Larson Gary, Yan Shunqi, Chen Huanming, Rong Frank, Hong Zhi, Wu Jim Zhen
Drug Discovery, Valeant Pharmaceutical Research and Development 3300 Hyland Avenue, Costa Mesa, CA 92626, USA.
Bioorg Med Chem Lett. 2007 Jan 1;17(1):172-5. doi: 10.1016/j.bmcl.2006.09.067. Epub 2006 Oct 10.

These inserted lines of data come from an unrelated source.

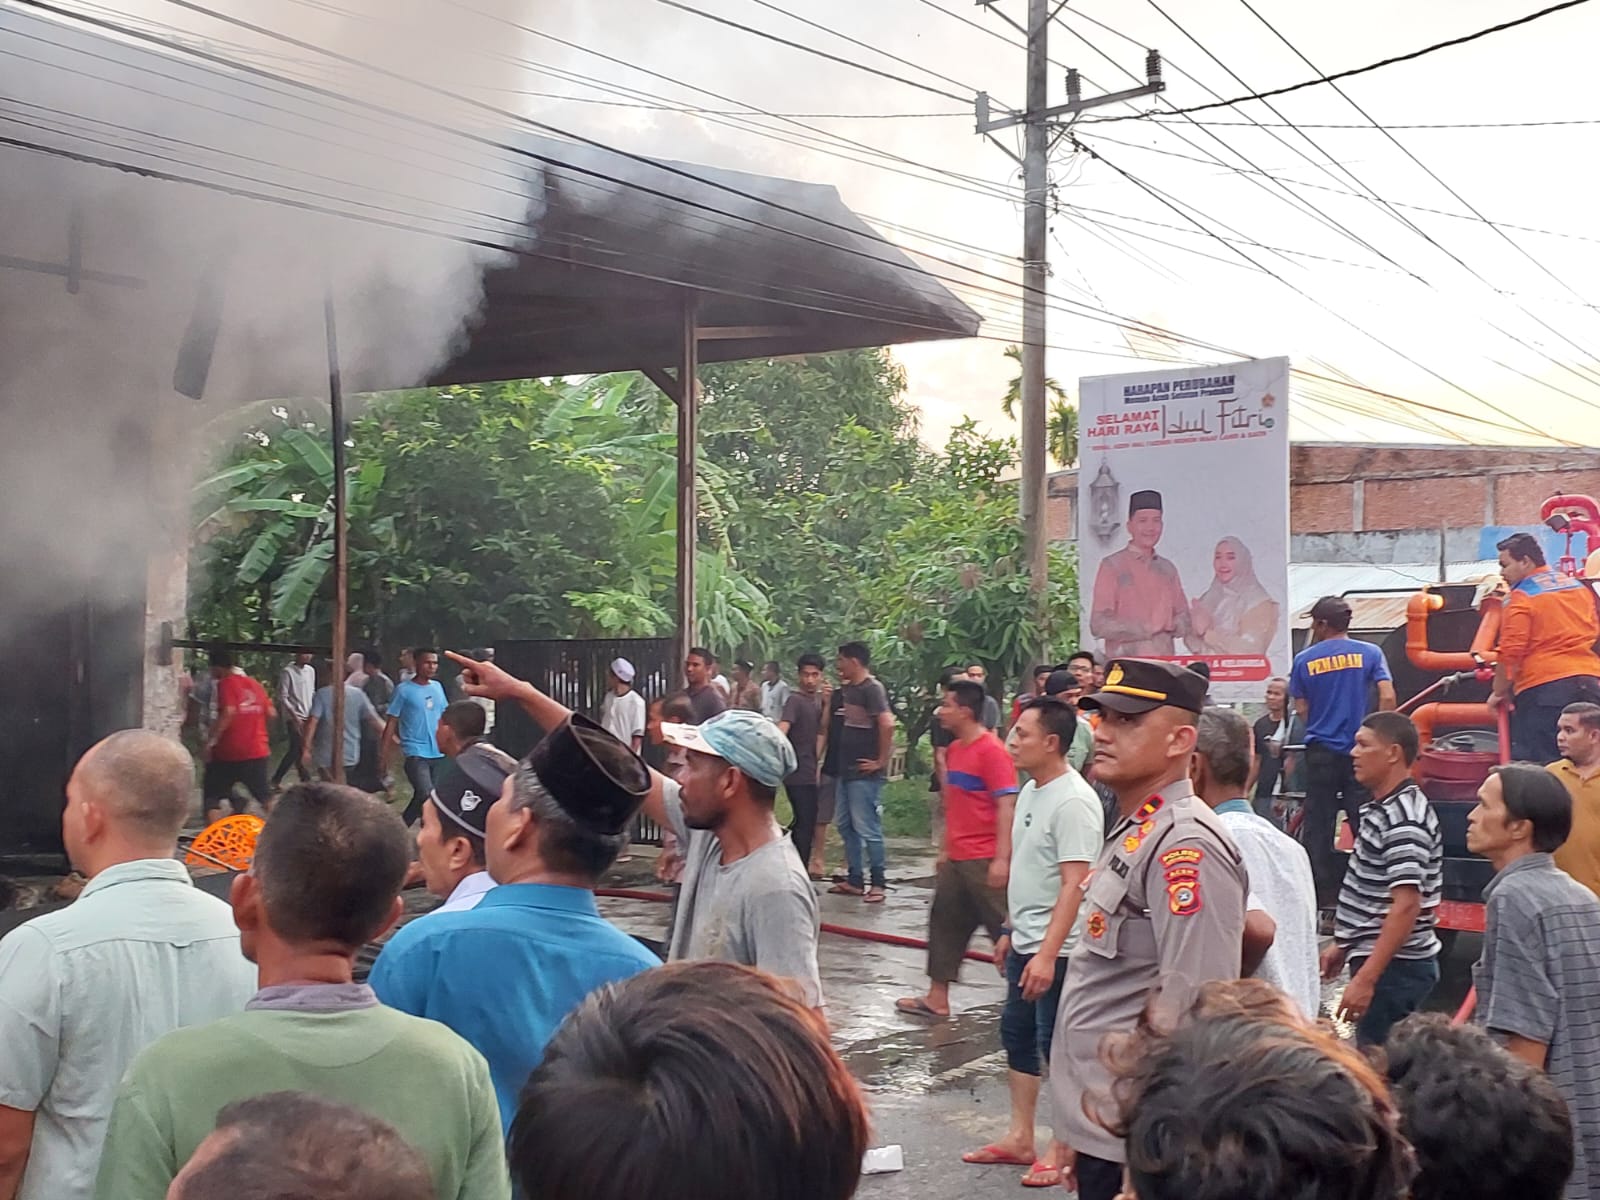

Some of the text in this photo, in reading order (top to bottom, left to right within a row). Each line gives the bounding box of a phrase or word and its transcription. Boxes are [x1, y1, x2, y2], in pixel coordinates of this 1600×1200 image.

[1124, 382, 1170, 396] HARAPAN
[1173, 375, 1235, 391] PERUBAHAN
[1097, 410, 1160, 425] SELAMAT
[1087, 422, 1159, 437] HARI RAYA
[1307, 653, 1364, 676] PEMADAM
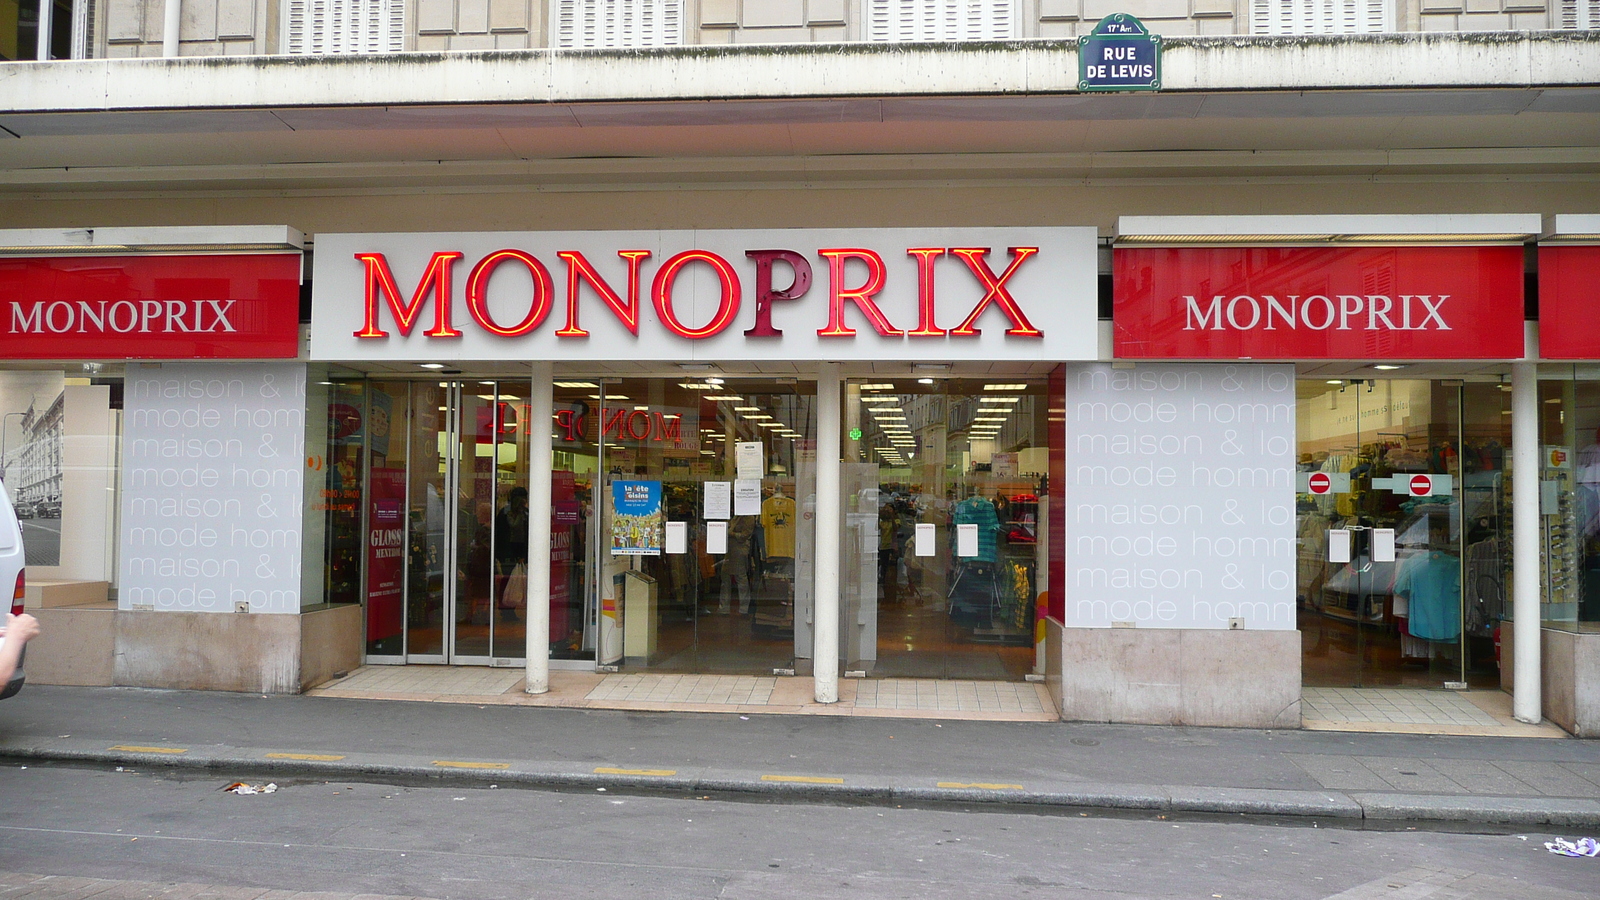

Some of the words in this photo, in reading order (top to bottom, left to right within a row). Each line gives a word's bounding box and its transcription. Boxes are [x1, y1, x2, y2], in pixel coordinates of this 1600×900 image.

[1104, 47, 1136, 61] RUE
[1087, 65, 1107, 78] DE
[1111, 64, 1153, 78] LEVIS
[353, 247, 1045, 339] MONOPRIX
[8, 299, 237, 334] MONOPRIX
[1182, 294, 1452, 331] MONOPRIX
[134, 374, 244, 398] maison
[260, 373, 280, 398] &
[1077, 366, 1202, 391] maison
[1220, 366, 1245, 391] &
[133, 403, 220, 427] mode
[1077, 397, 1177, 423] mode
[132, 433, 243, 457] maison
[258, 433, 279, 457] &
[1077, 429, 1202, 455] maison
[1220, 429, 1245, 455] &
[131, 463, 219, 487] mode
[1077, 461, 1177, 487] mode
[131, 493, 241, 517] maison
[257, 493, 278, 518] &
[1077, 499, 1202, 525] maison
[1220, 499, 1245, 525] &
[130, 522, 217, 546] mode
[371, 529, 402, 546] GLOSS
[1077, 530, 1177, 557] mode
[129, 553, 240, 577] maison
[255, 553, 276, 578] &
[1077, 563, 1202, 589] maison
[1220, 563, 1245, 589] &
[128, 583, 216, 607] mode
[1077, 595, 1177, 621] mode

A series of isothiazole carboxamidine compounds were synthesized and discovered as novel and selective inhibitors for Chk2. They are not active against the related Chk1 kinase. The structure-activity relationship studies were performed on the scaffold, and enzymatic kinetic analysis showed they are simple ATP competitive inhibitors with K(i) values as low as 11 nM for Chk2. Computer modeling studies were employed to comprehend the mechanism of action and SAR of these compounds.
合成了一系列异噻唑甲脒化合物,并发现它们是Chk2的新型选择性抑制剂。它们对相关的Chk1激酶无活性。对该骨架进行了构效关系研究,酶动力学分析表明它们是简单的ATP竞争性抑制剂,对Chk2的K(i)值低至11 nM。采用计算机模拟研究来理解这些化合物的作用机制和构效关系。